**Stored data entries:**
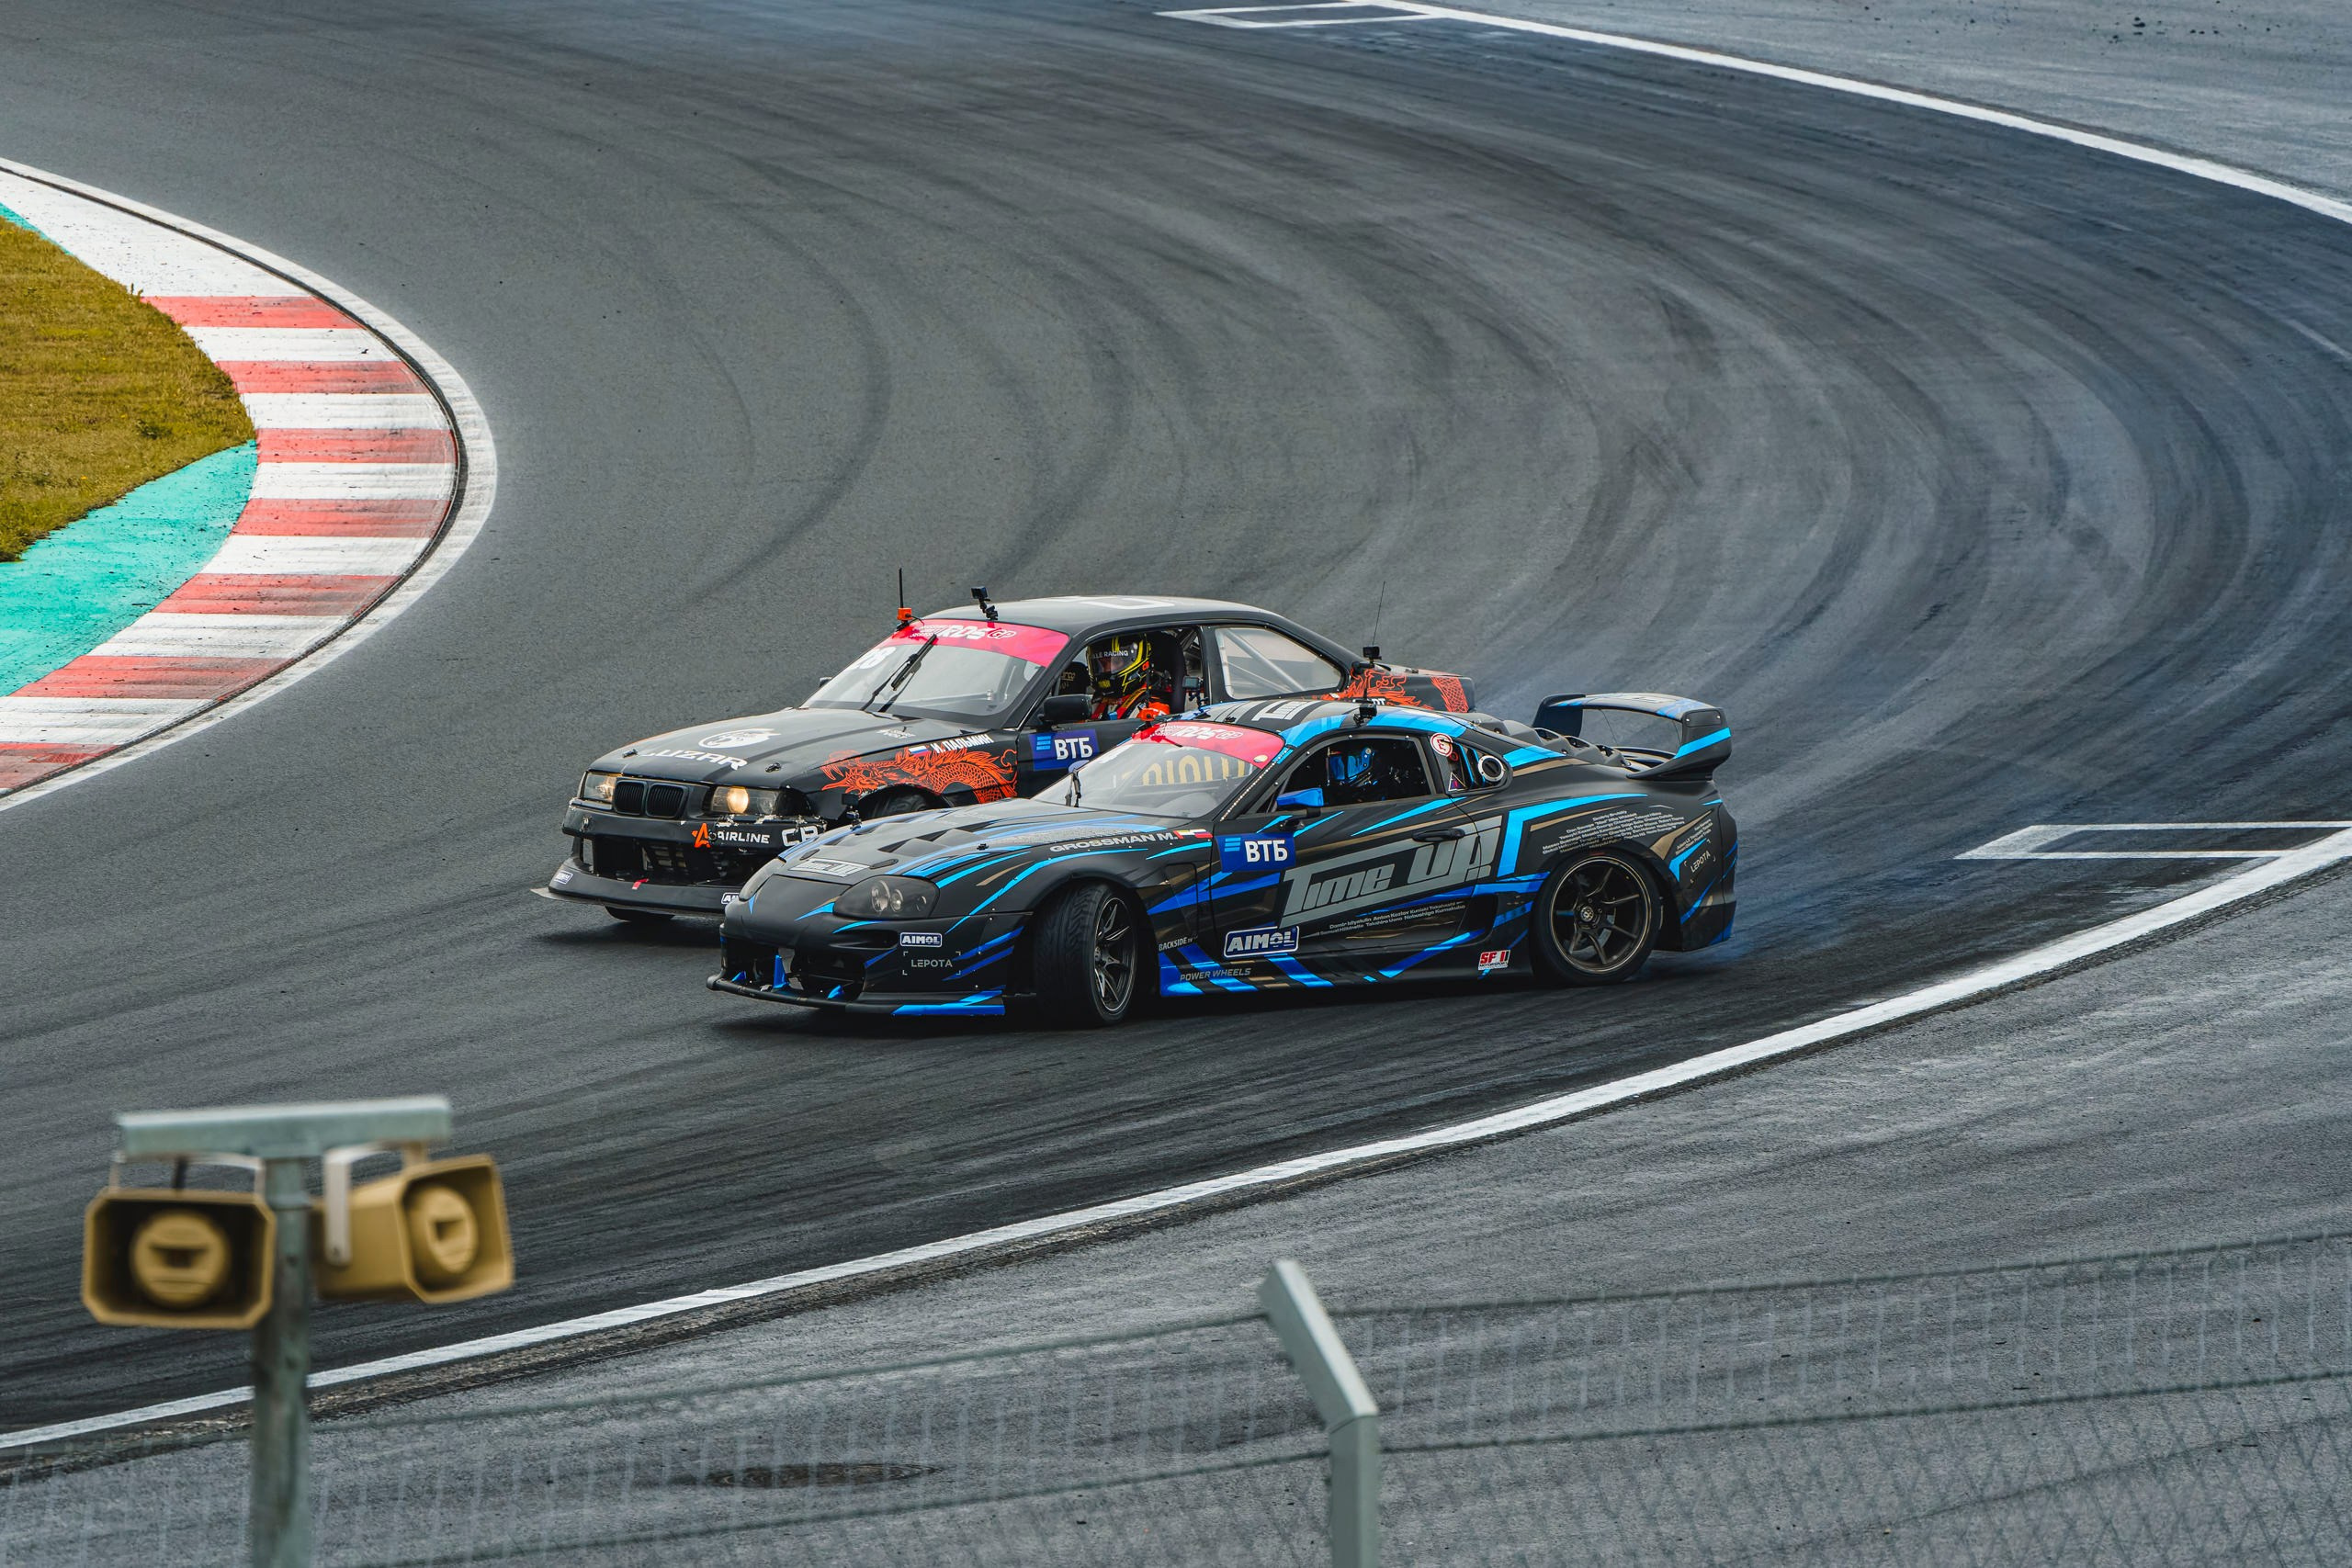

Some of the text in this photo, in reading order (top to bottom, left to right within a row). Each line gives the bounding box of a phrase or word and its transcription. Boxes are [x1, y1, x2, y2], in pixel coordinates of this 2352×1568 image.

[942, 734, 994, 750] ПАЛЬМИН
[1054, 737, 1093, 761] ВТБ
[718, 831, 770, 844] AIRLINE
[1049, 833, 1157, 852] GROSSMAN
[1244, 840, 1288, 863] ВТБ
[1690, 851, 1711, 873] LEPOTA
[901, 935, 940, 945] AIMOL
[1158, 936, 1188, 952] BACKSIDE
[1227, 931, 1295, 953] AIMOL
[910, 959, 953, 968] LEPOTA
[1180, 967, 1252, 981] POWER WHEELS
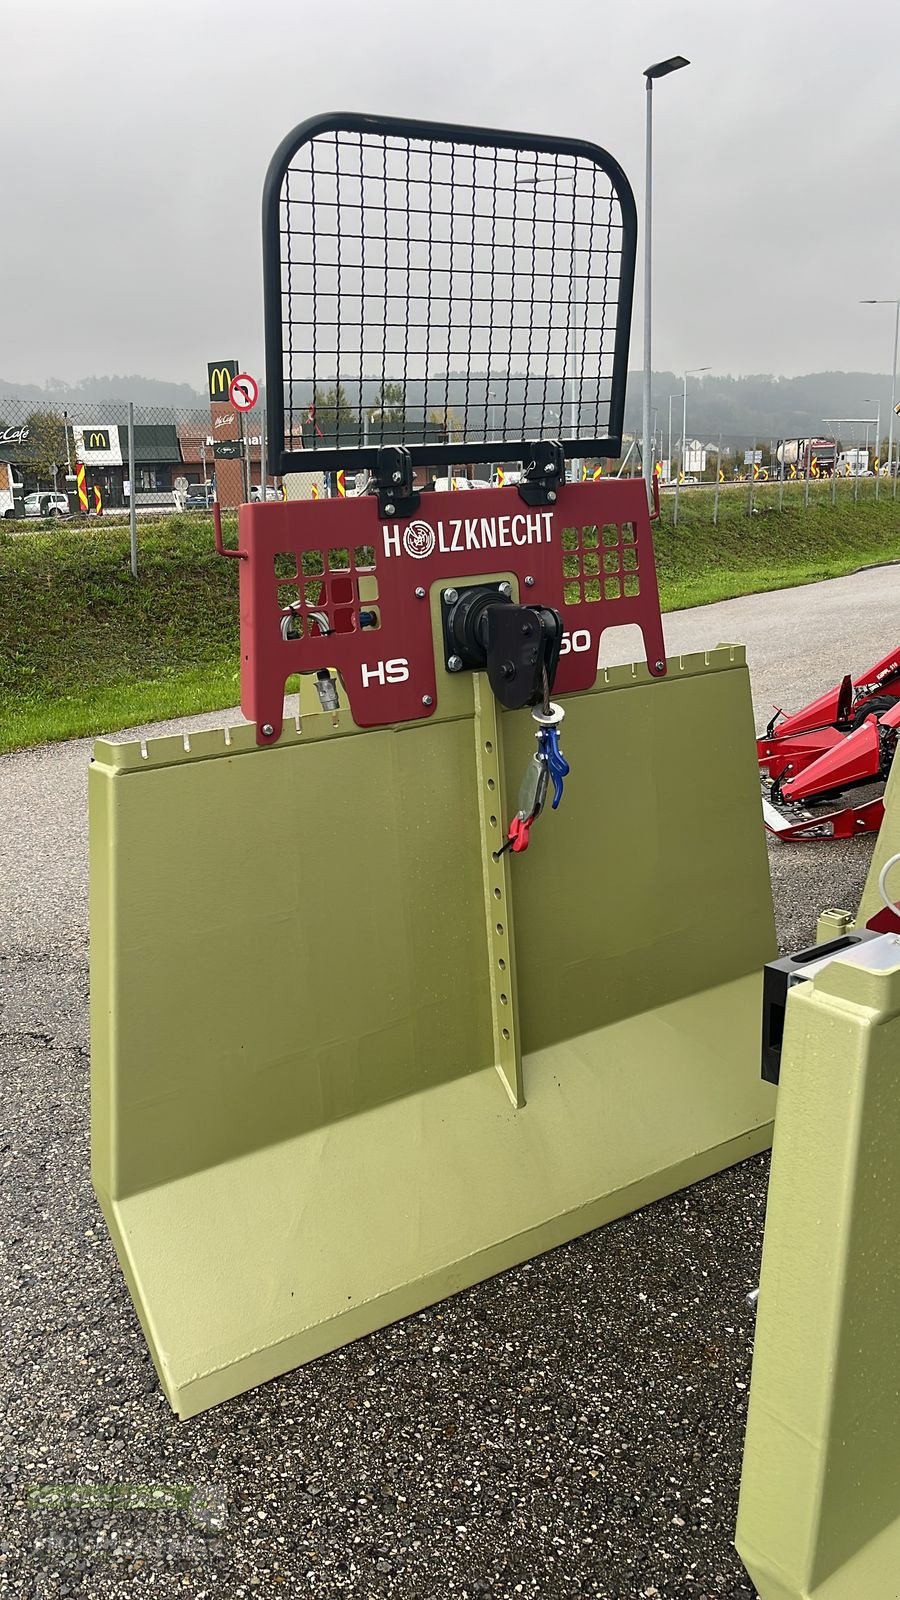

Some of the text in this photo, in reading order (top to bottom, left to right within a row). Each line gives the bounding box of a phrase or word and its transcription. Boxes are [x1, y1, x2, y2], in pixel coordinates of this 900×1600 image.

[383, 512, 553, 559] HOLZKNECHT
[361, 630, 591, 687] HS 50

**Work to complete:** Retype all of the entries exactly as written, leaving out any images.

**Response to the exercise:**
Some of the text in this photo, in reading order (top to bottom, left to right within a row). Each line gives the bounding box of a phrase or word and its transcription. Boxes are [x1, y1, x2, y2], in pixel coordinates of this 2352×1568 image.

[942, 734, 994, 750] ПАЛЬМИН
[1054, 737, 1093, 761] ВТБ
[718, 831, 770, 844] AIRLINE
[1049, 833, 1157, 852] GROSSMAN
[1244, 840, 1288, 863] ВТБ
[1690, 851, 1711, 873] LEPOTA
[901, 935, 940, 945] AIMOL
[1158, 936, 1188, 952] BACKSIDE
[1227, 931, 1295, 953] AIMOL
[910, 959, 953, 968] LEPOTA
[1180, 967, 1252, 981] POWER WHEELS

Some of the text in this photo, in reading order (top to bottom, left to right within a row). Each line gives the bounding box of a phrase or word and its transcription. Boxes are [x1, y1, x2, y2], in pixel coordinates of this 900×1600 image.

[383, 512, 553, 559] HOLZKNECHT
[361, 630, 591, 687] HS 50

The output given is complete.